REQUIRED ACTION.
Return, exactly and with nothing added, the line with "Some of the text" together with all lines after it through the end of the data below. No pictures belong in the copy.

SUPPLIED RECORDS.
»»
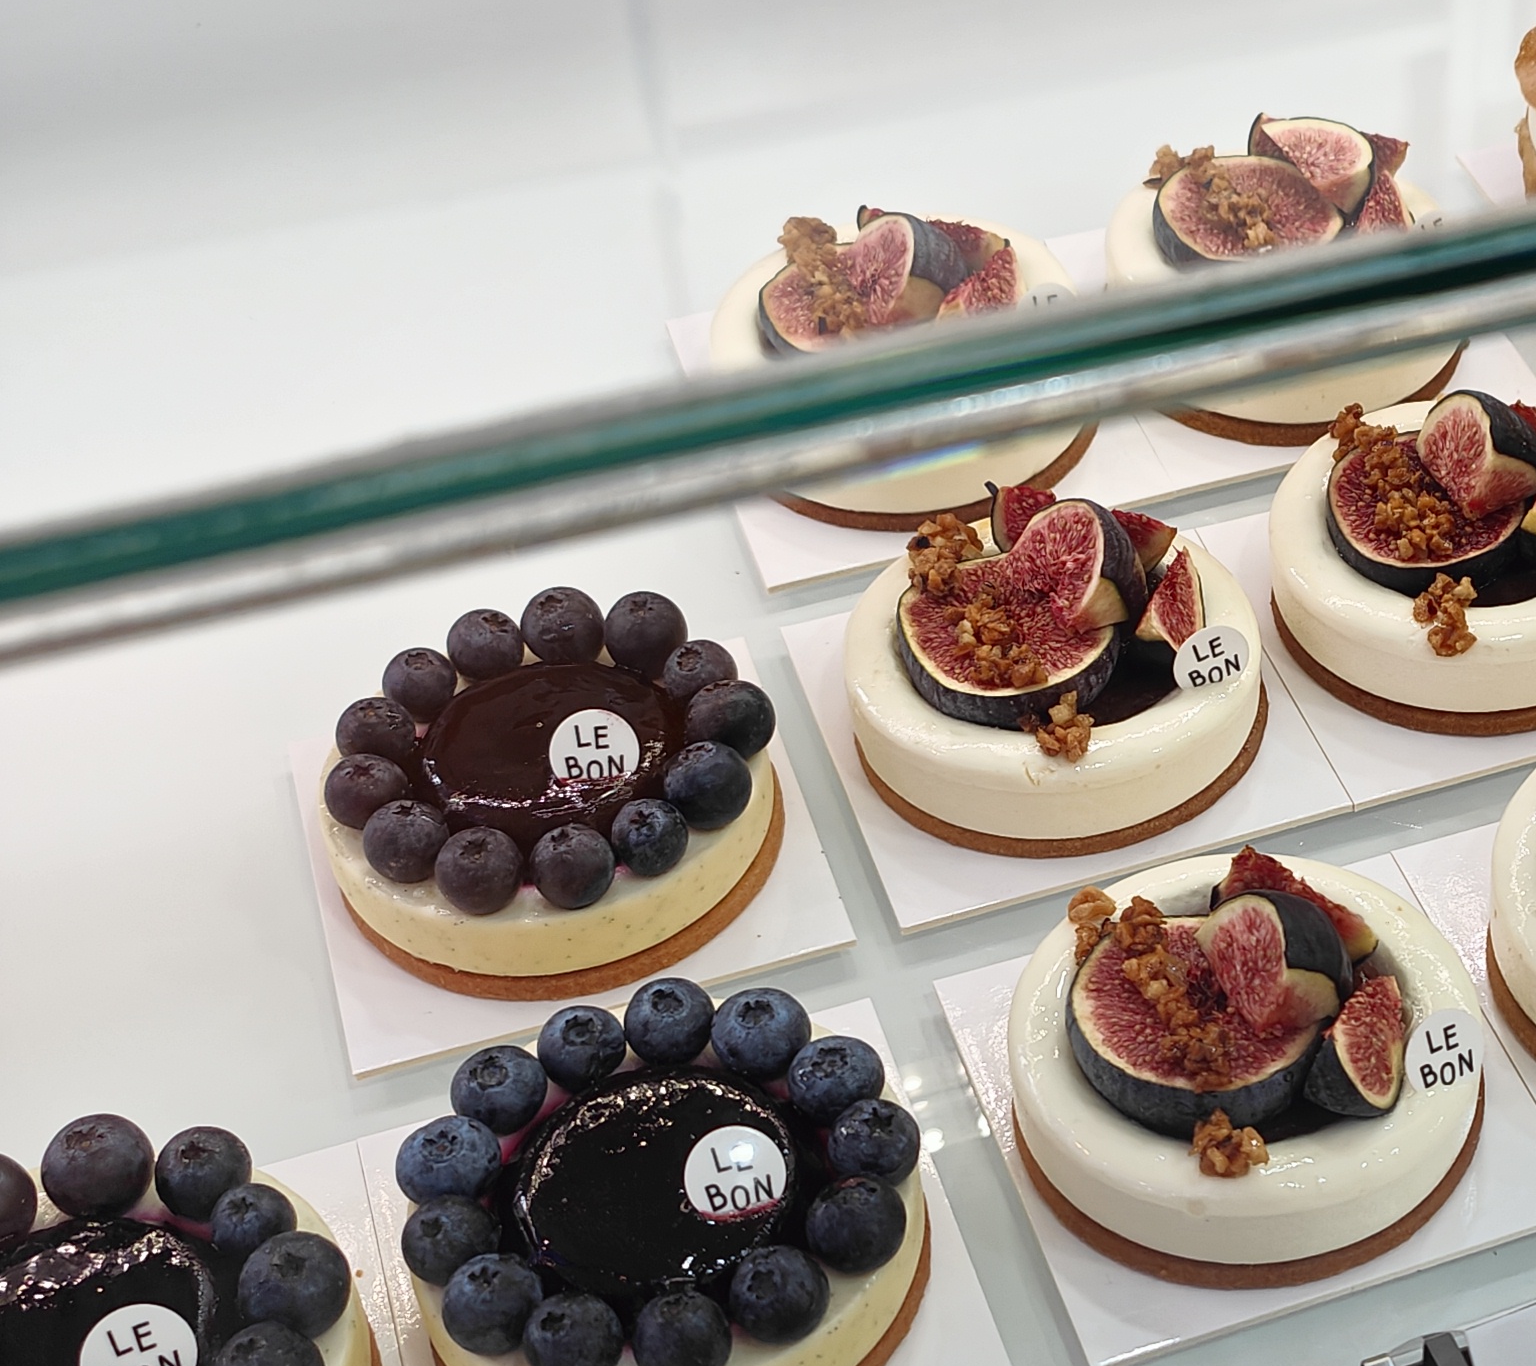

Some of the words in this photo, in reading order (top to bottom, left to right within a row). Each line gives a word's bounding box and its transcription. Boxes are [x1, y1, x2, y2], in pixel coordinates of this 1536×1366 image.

[1192, 636, 1224, 662] LE
[1188, 654, 1240, 687] BON
[575, 725, 608, 748] LE
[566, 755, 624, 779] BON
[1426, 1024, 1459, 1053] LE
[1420, 1053, 1473, 1088] BON
[711, 1146, 753, 1173] L
[705, 1174, 774, 1212] BON
[107, 1321, 157, 1357] LE
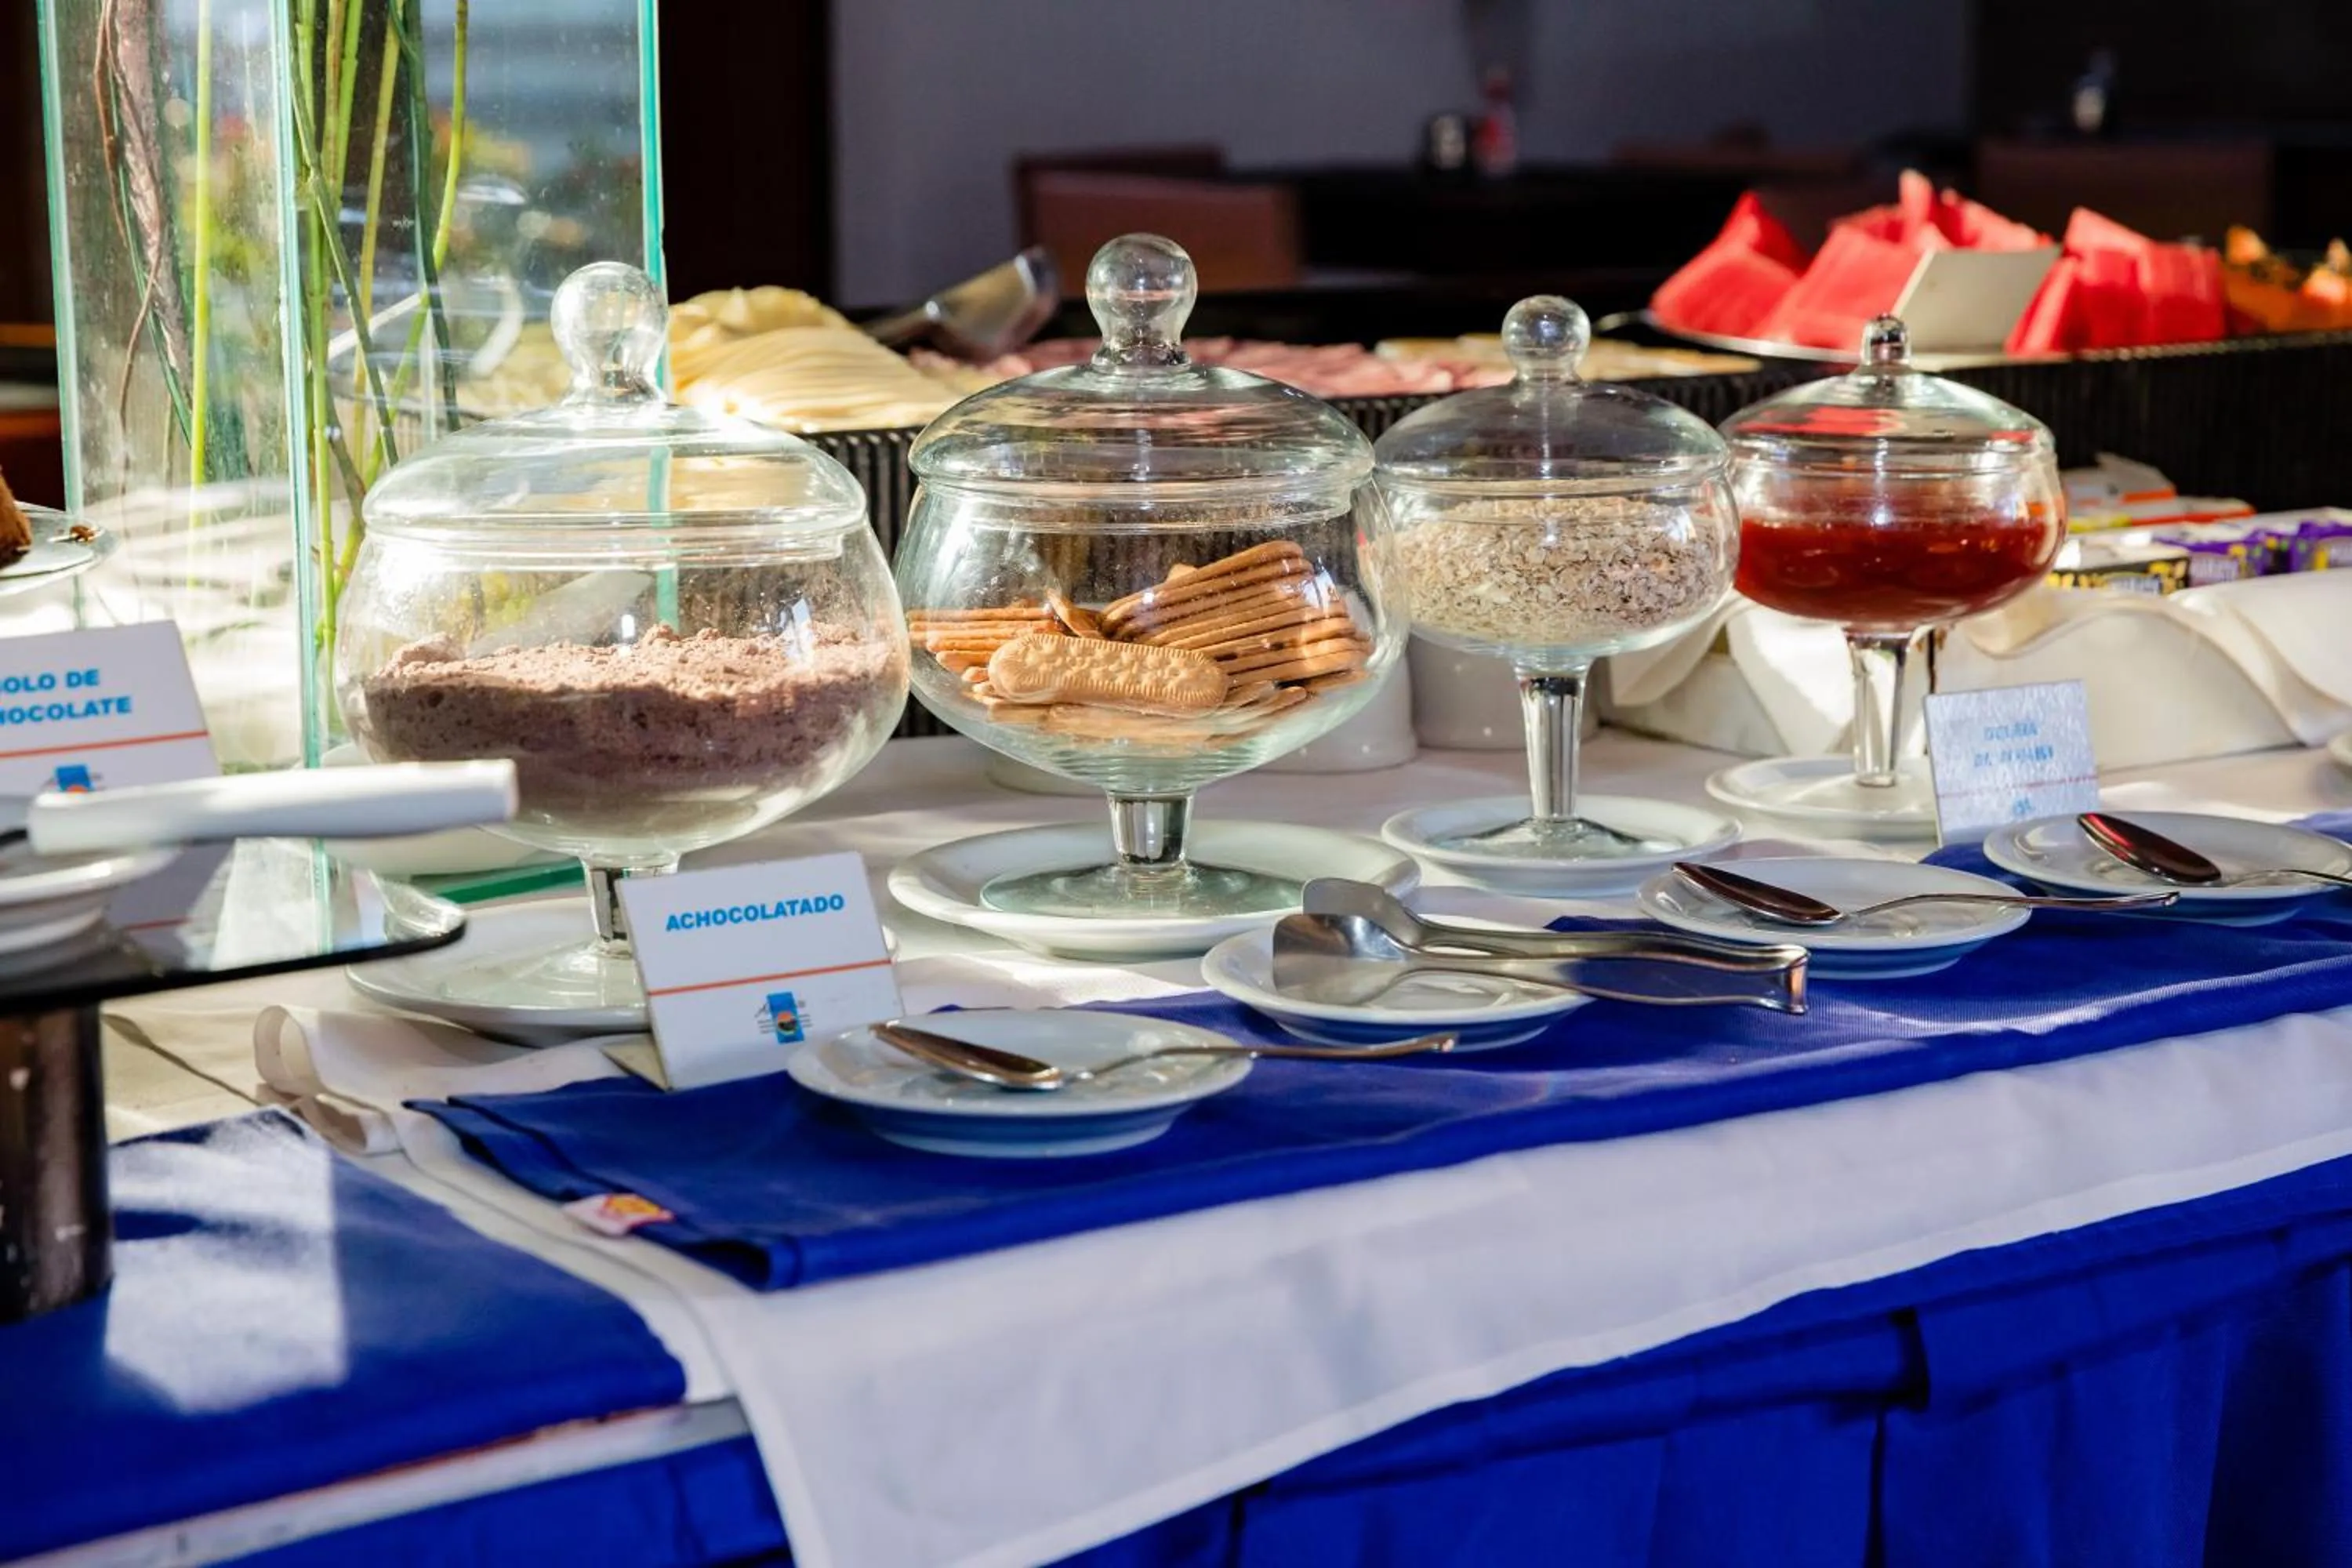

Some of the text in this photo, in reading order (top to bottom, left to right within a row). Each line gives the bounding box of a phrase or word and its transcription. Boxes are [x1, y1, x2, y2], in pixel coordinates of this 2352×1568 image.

[0, 668, 100, 693] OLO DE
[666, 894, 845, 932] ACHOCOLATADO
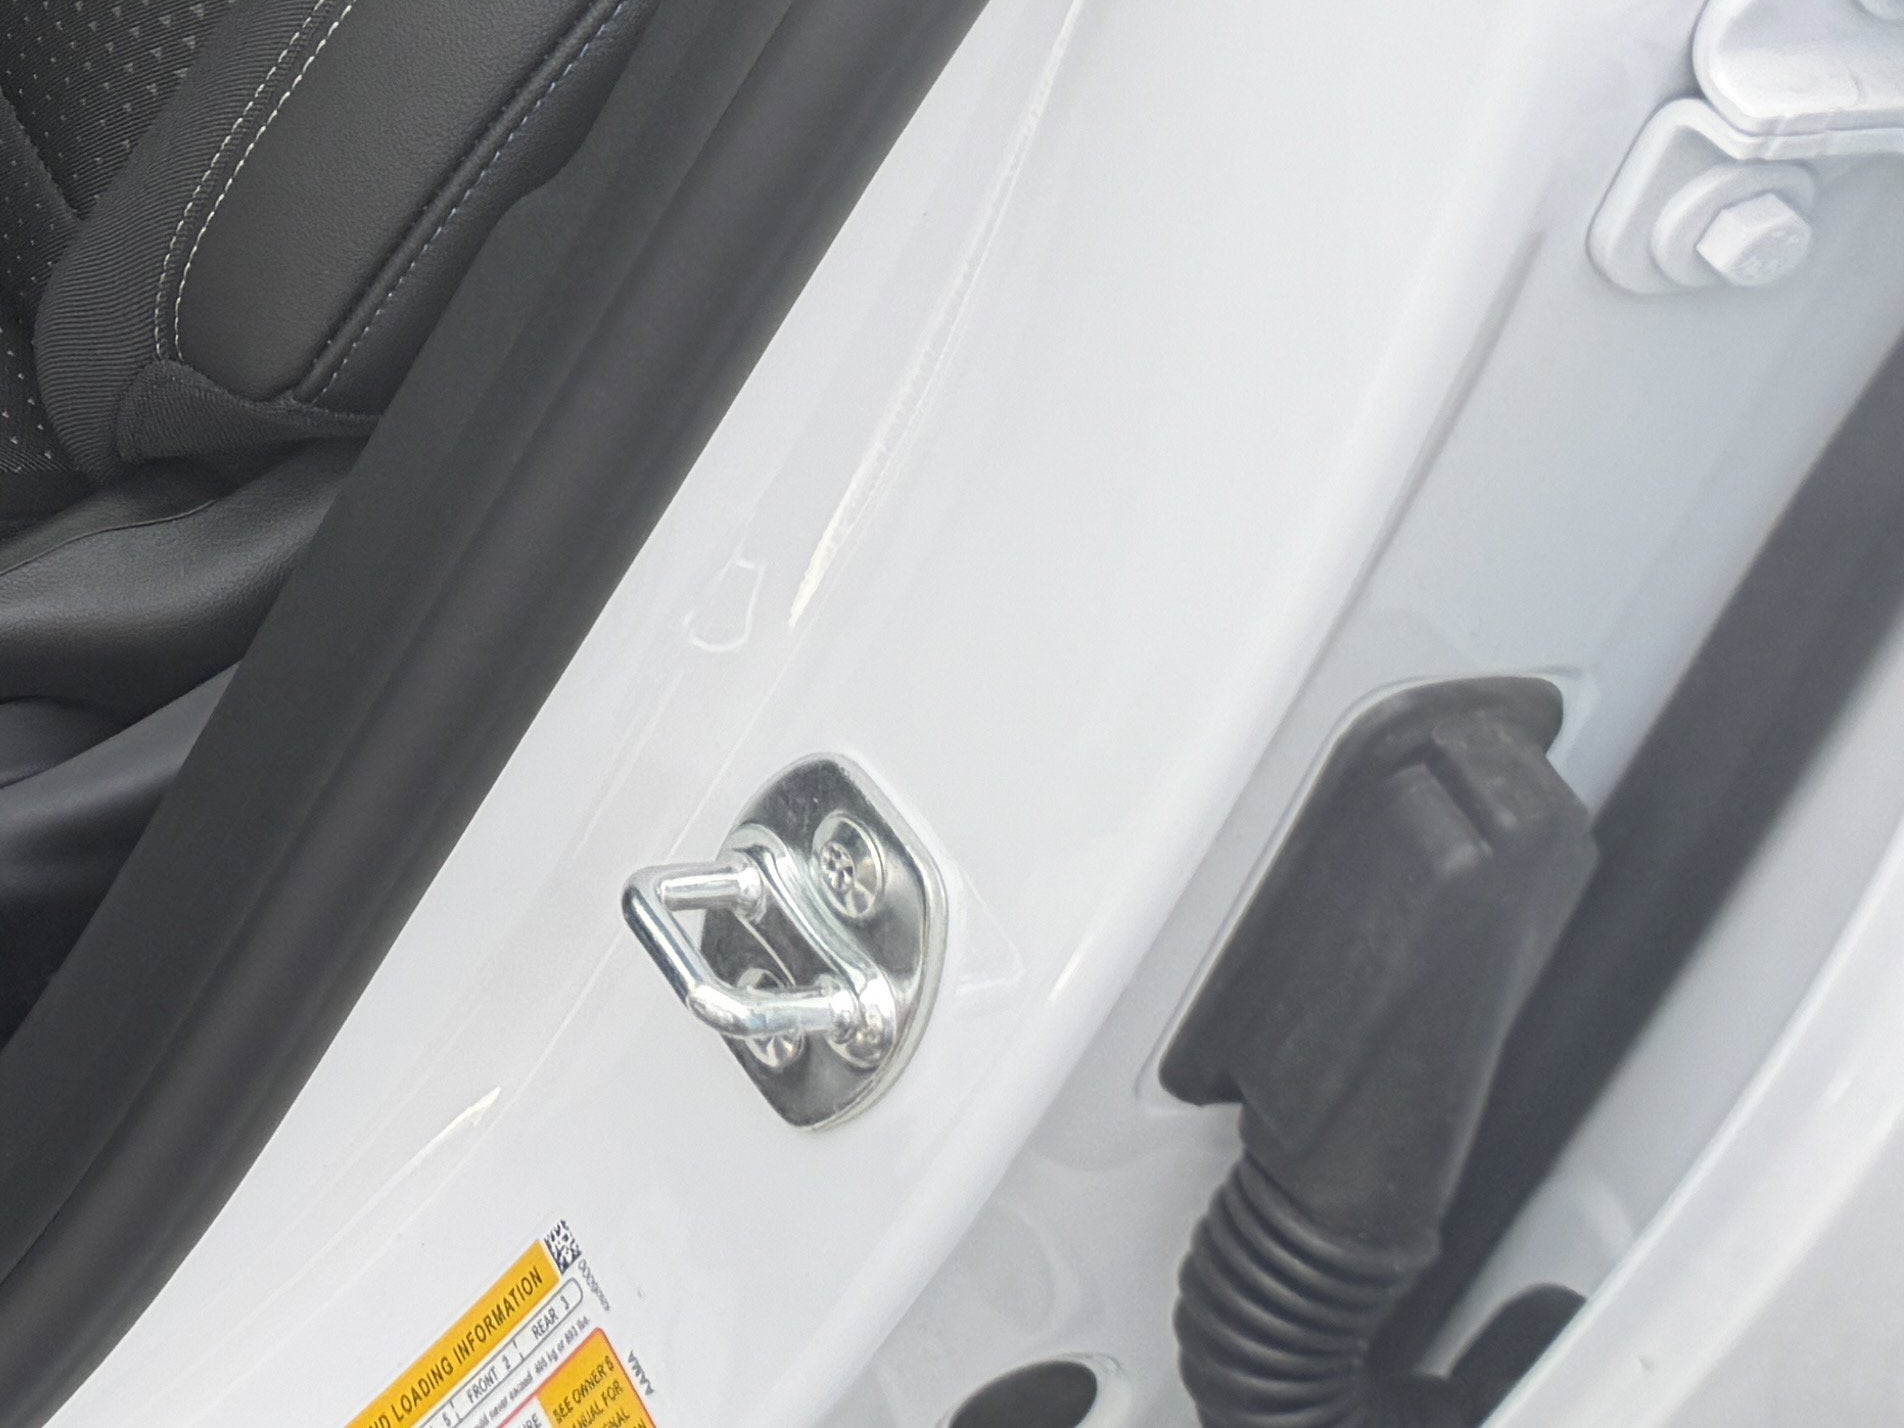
««
SOLUTION BELOW.
Some of the text in this photo, in reading order (top to bottom, left to right within a row). Each line gives the bounding box of a phrase or word and its transcription. Boxes are [x1, y1, x2, y2], in pixel coordinates of this 2352×1568 image.

[0, 668, 100, 693] OLO DE
[666, 894, 845, 932] ACHOCOLATADO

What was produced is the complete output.